In an effort to promote what Coordinator of Campus life Brittany Paxton calls “a variety of diverse activities that are welcoming, relaxing, and fun for all,” Millsaps has featured a series of live music performances in the Kava House, co-hosted by the SBA – SAPS board Student Life Intern Team and Aramark, the company that provides food for the Caf’, Kava, and Reuben’s. These events feature music, free food and coffee.

Levi Stephens. photo taken from his offical website

Levi Stephens. photo taken from his offical website

The  artists are chosen and booked through the National Association for Campus Activities conference. Thus far, this series has featured three artists. The first was singer/songwriter Levi Stephens from Washington, DC, a man whose website describes him as “like enjoying a surprisingly great meal at the local cafe you’ve passed a thousand times before finally deciding to stop in.” Stephens does certainly does have that sense of an unexpected portrayal of the familiar, giving soulful renditions of R&B classics, current pop ballads, and his own material, which melds the two melds the two genres beautifully.

Austin Moody; Photo taken from official website

Austin Moody; Photo taken from official website

Next was country artist Austin Moody from Nashville, Tennessee. Moody describes himself on his website as “a down to earth kind of guy with a playful spirit,” and says he wants people to know that he “wishes to be known for creating music for the people.” The latest artist to grace the small Kava stage was Nelly’s Echo (as seen on The Voice), a band with an easy-going Calypso sound, which (according to the band’s website) “originates from the premise that music is a two-way street.”

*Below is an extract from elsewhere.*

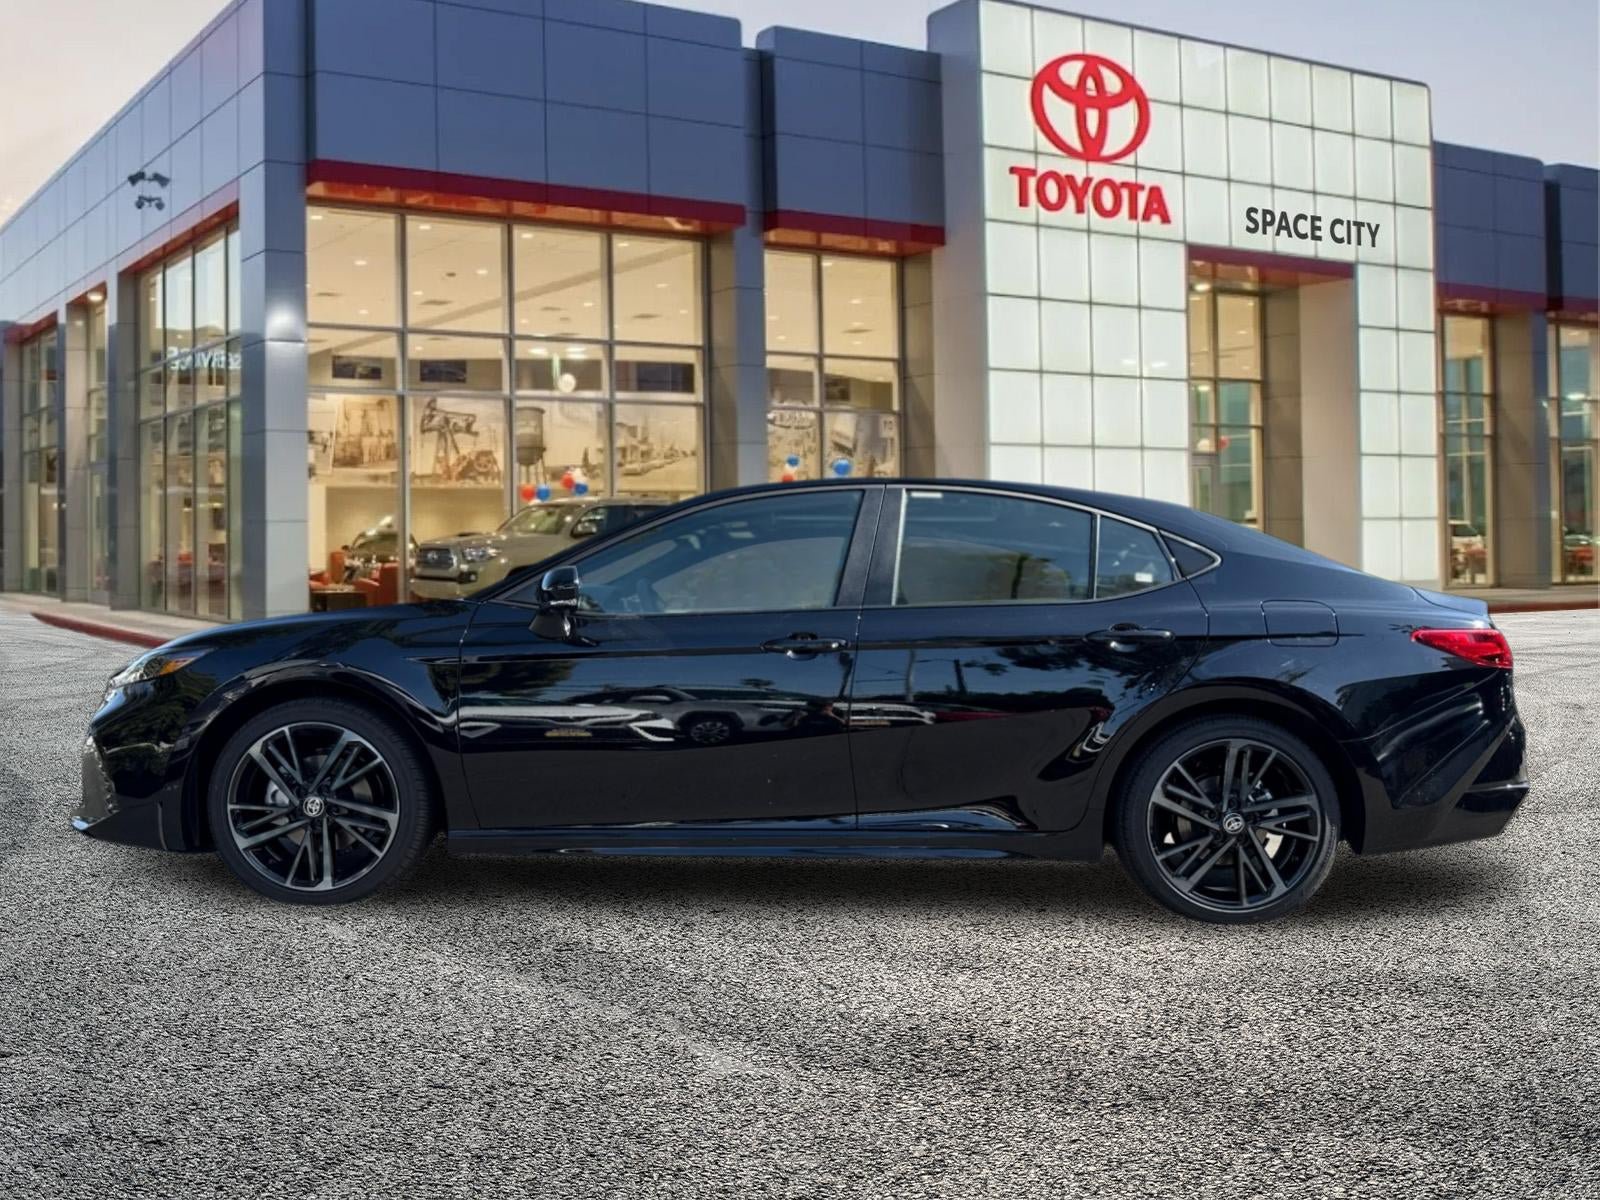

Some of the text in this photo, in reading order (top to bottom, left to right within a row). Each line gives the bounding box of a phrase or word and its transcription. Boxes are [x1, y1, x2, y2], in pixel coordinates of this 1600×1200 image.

[1009, 166, 1171, 224] TOYOTA
[1245, 206, 1381, 248] SPACE CITY

As for why SAPS has chosen this particular type of event, Paxton explains that a number of factors go into deciding what to offer. “The events are selected or created with several ideals in mind: student survey feedback/student ideas, budget perimeters, artist availability, and the SAPS’s vision for campus programming,” she says. By picking these three different artists, SAPS is obviously trying to appeal to a diverse crowd, while still keeping a uniform coffee-shop tone and atmosphere at these events. While we don’t know exactly who or what else we can expect in Kava in the coming months, (SAPS is still working on that) organizers assure us it will be just as interesting.